Currently, collagen genes have been identified from more than 40 species of vertebrates, encoding about 29 types of collagen. Based on the primary structure, the length of the triple helical domain, the molecular weight, the interruption of the triple helical structure, and the size and shape of the terminal domain, collagen can be divided into four major categories: the first type is fibrillar collagen, which includes types I, II, III, V, XI, XXIV and XXVII. Among them, types I, II and III are more distributed in vertebrates, while types V and XI are less distributed, but they play an auxiliary role in the assembly of types I, II and III; types XXIV and XXVII are interrupted when the triple helical domain is shorter. Types III, V and XI collagen retain the C-terminal peptide and part of the N-terminal peptide domain after processing; the second type is triple helical fibrillar collagen (FACIT), which includes types IX, XII, XIV, XVI, XIX and XXII. FACIT collagen does not form collagen, but can interact with fibrillar collagen, regulate the formation and size of collagen fibers, and control collagen synthesis in the extracellular matrix; the third type of reticular collagen, there are types IV, VII and XXVIII. Among them, type IV collagen forms a fibrous reticular structure, while type VII collagen assembles into anchoring fibers that connect the epidermis to the dermis; the fourth type of interrupted helical collagen (MACITs), there are types XIII, XXIII and XXV. Among them, type XIII, XXIII and XXV collagens are type II transmembrane proteins, consisting of a hydrophobic transmembrane domain, a short N-terminal cytoplasmic domain and an extracellular domain composed of three collagens.

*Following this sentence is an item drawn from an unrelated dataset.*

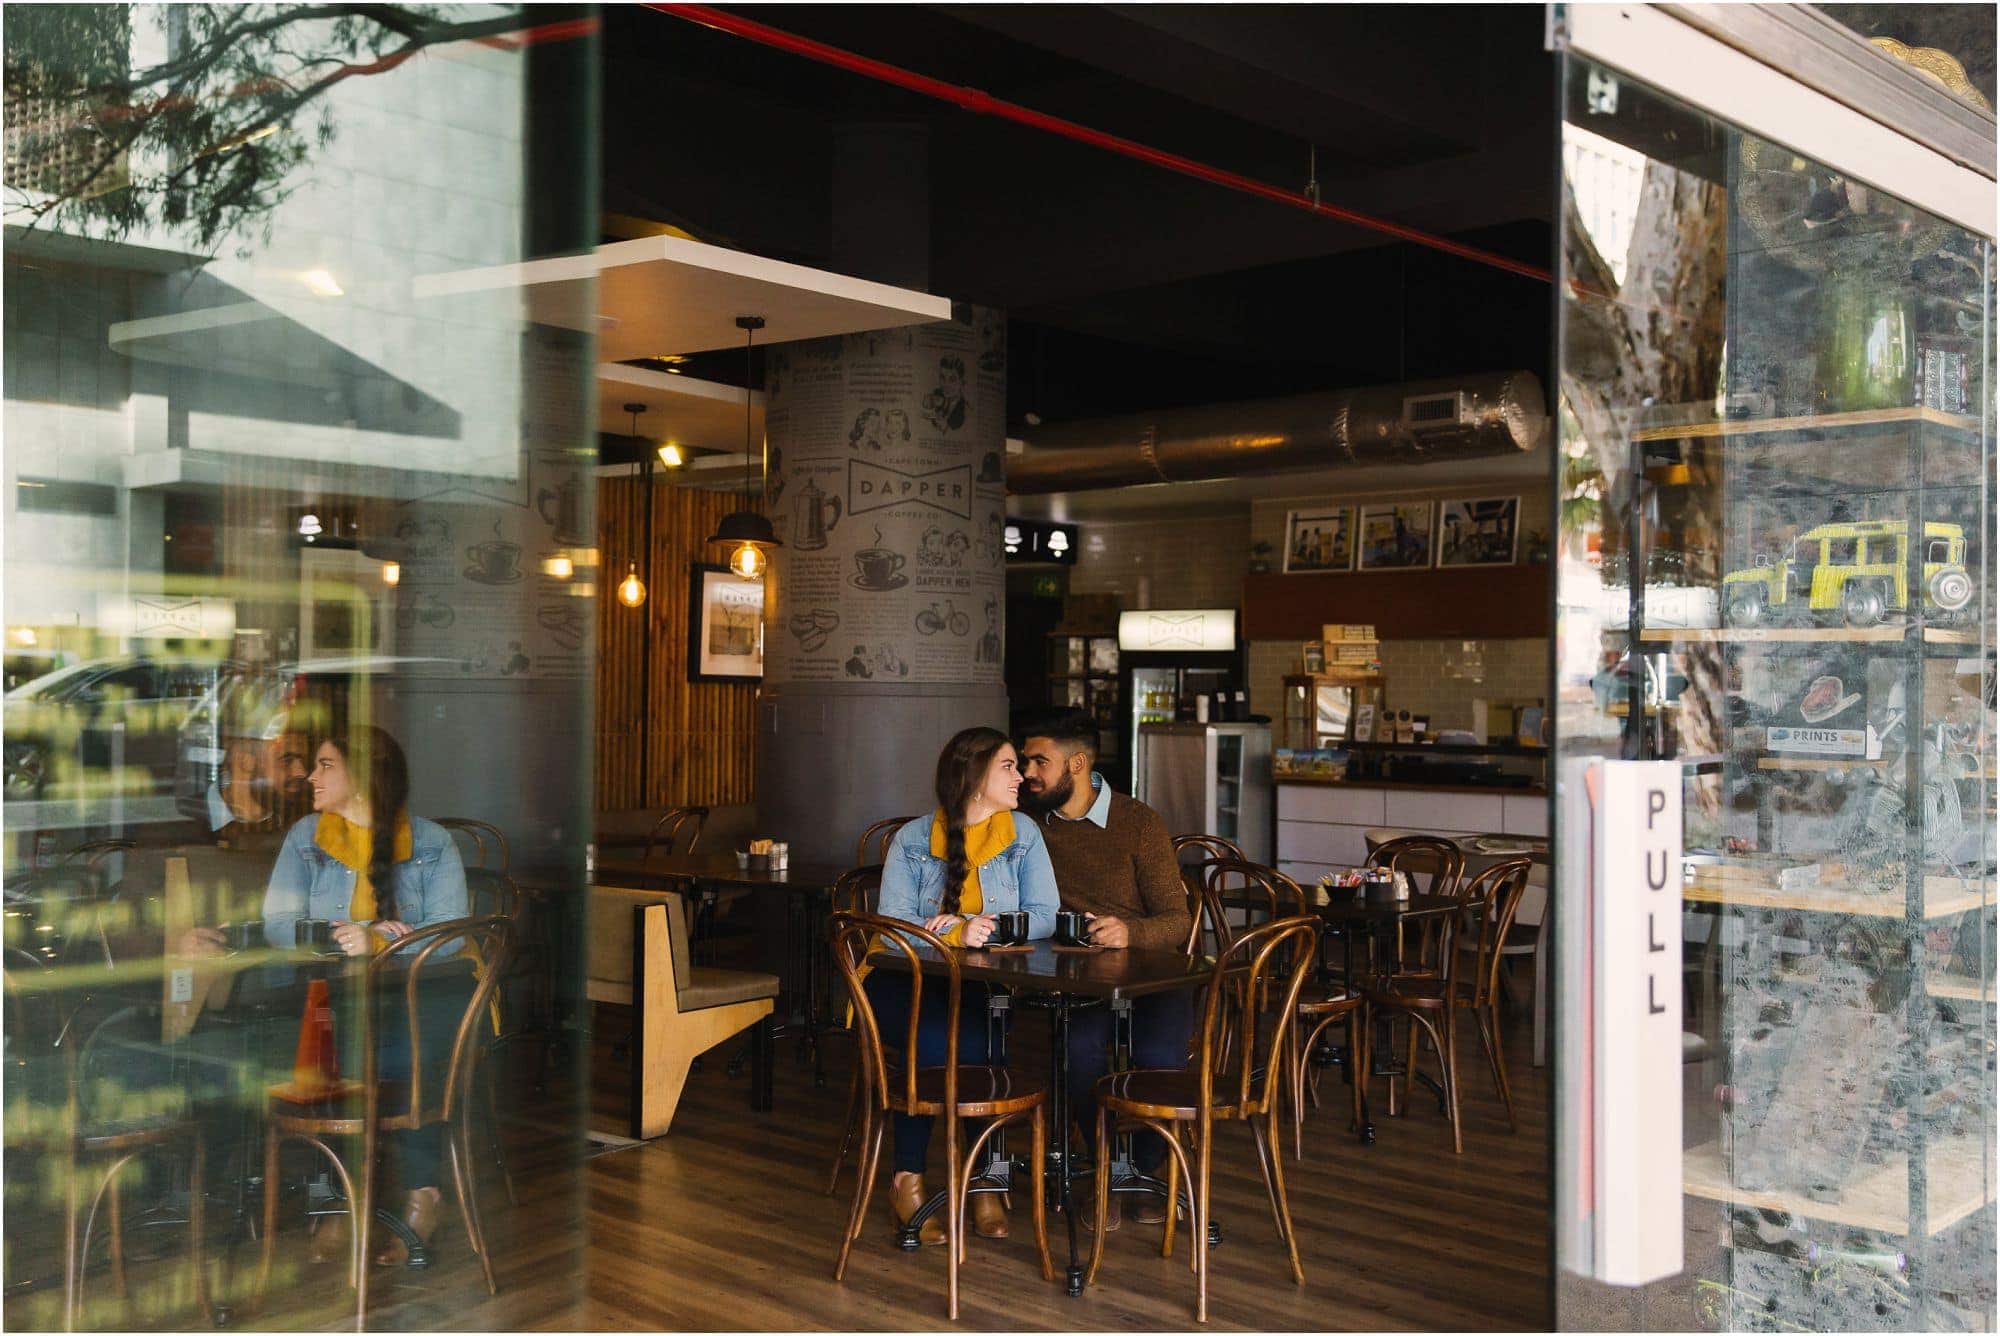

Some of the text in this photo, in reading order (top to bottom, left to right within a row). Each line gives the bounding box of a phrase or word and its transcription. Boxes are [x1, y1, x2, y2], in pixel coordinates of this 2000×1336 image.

In recent years, collagen has been widely used in the fields of biological scaffold materials, cosmetics, and medical devices. The development of collagen-based products mainly focuses on bone repair, skin wound repair dressings, tendon repair, drug delivery and beauty.

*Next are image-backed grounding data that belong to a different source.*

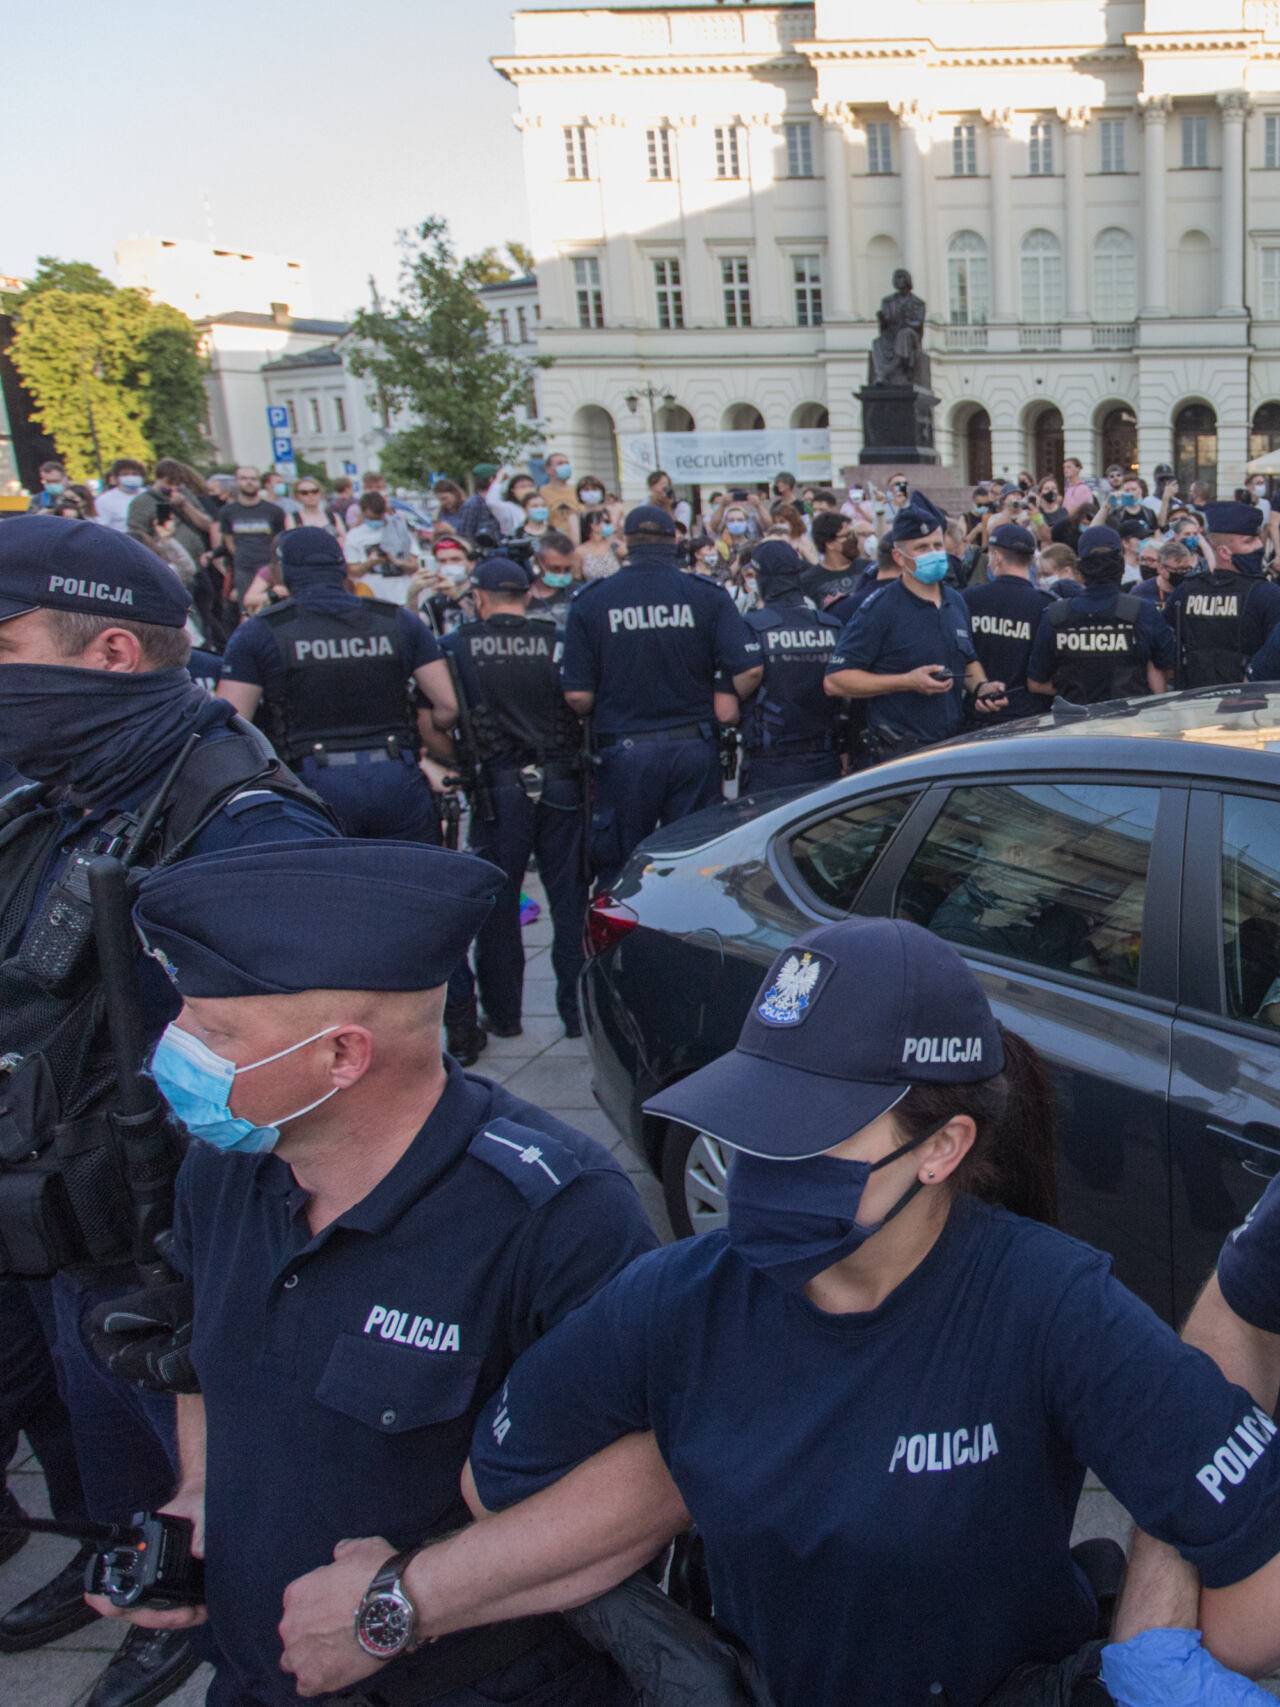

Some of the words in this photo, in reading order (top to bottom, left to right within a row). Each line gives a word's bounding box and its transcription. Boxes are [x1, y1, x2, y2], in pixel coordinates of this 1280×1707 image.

[272, 410, 285, 425] P
[276, 440, 290, 457] P
[675, 450, 785, 469] recruitment
[48, 575, 134, 606] POLICJA
[1185, 594, 1238, 617] POLICJA
[608, 603, 695, 633] POLICJA
[971, 615, 1031, 640] POLICJA
[294, 635, 394, 661] POLICJA
[470, 635, 549, 657] POLICJA
[766, 629, 836, 649] POLICJA
[1056, 632, 1128, 651] POLICJA
[902, 1037, 982, 1063] POLICJA
[364, 1305, 460, 1352] POLICJA
[889, 1422, 999, 1474] POLICJA

Figure 1. Medical applications of collagen. (Priyanka Kulkarni, et al.; 2020)
As one of the important components of the extracellular matrix, collagen can induce epithelial cell proliferation, differentiation and migration. Compared with biosynthetic dressings, collagen composite dressings interact with fibroblasts to form wound contraction force, reducing wound adhesion and contraction strength. It can be seen that collagen is widely involved in the process of tissue repair and wound healing, and collagen-based biomaterials play an important role in tissue repair and wound healing.

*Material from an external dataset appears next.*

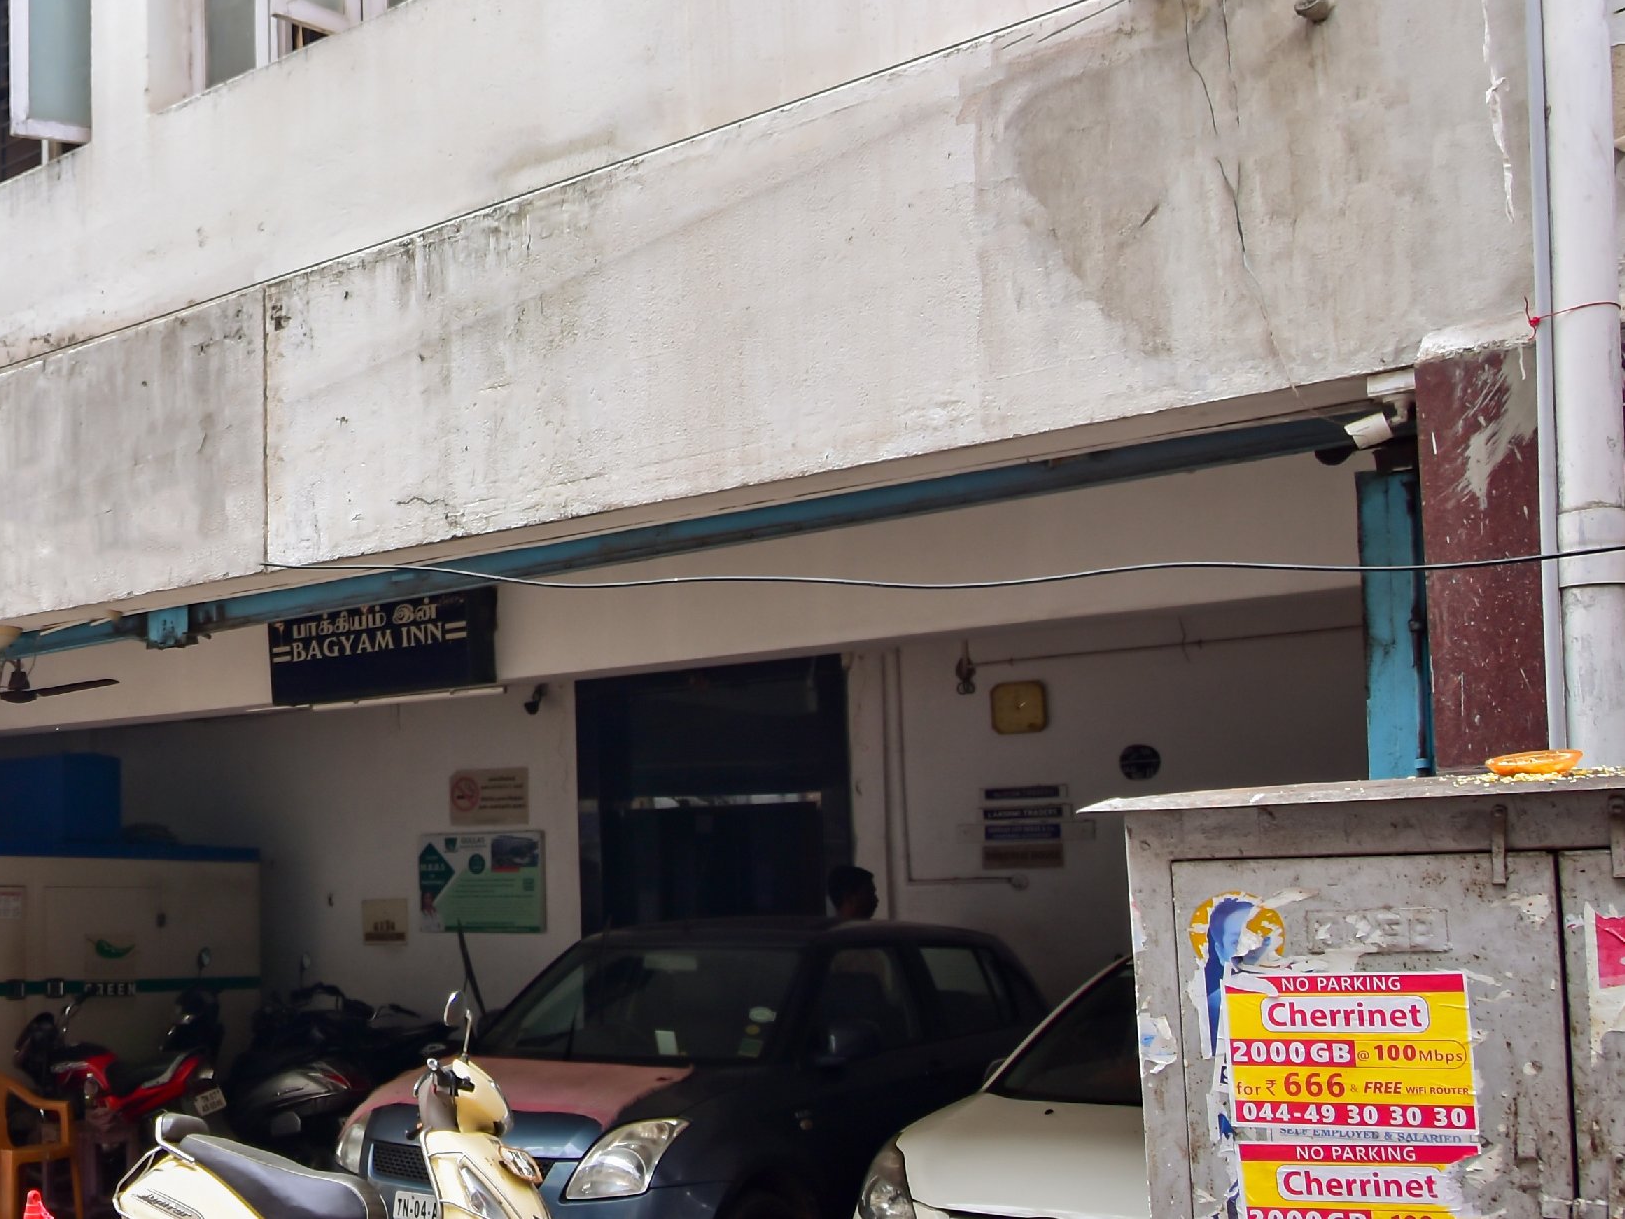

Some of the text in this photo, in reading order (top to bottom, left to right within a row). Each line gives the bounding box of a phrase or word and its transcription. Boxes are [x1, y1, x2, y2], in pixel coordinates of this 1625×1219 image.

Collagen is the main component of the skin. With the increase of age, collagen is lost, causing the skin to lose elasticity and luster, and even aging phenomena such as spots will appear. Therefore, collagen is widely developed into skin care product formulas. Skin care products containing collagen have strong affinity with the skin and have biological activities such as moisturizing, softening, anti-oxidation and UV protection. The collagen commonly used in cosmetic formulas is hydrolyzed collagen and recombinant collagen. Compared with natural collagen, hydrolyzed collagen and recombinant collagen have a small molecular weight and have excellent solubility, water binding and easy penetration into the dermis under neutral conditions. In medical cosmetology, collagen injections have been widely used to repair skin defects and subcutaneous diseases. Local facial injection of collagen can achieve the effects of facial contour correction, wrinkle and scar repair, etc.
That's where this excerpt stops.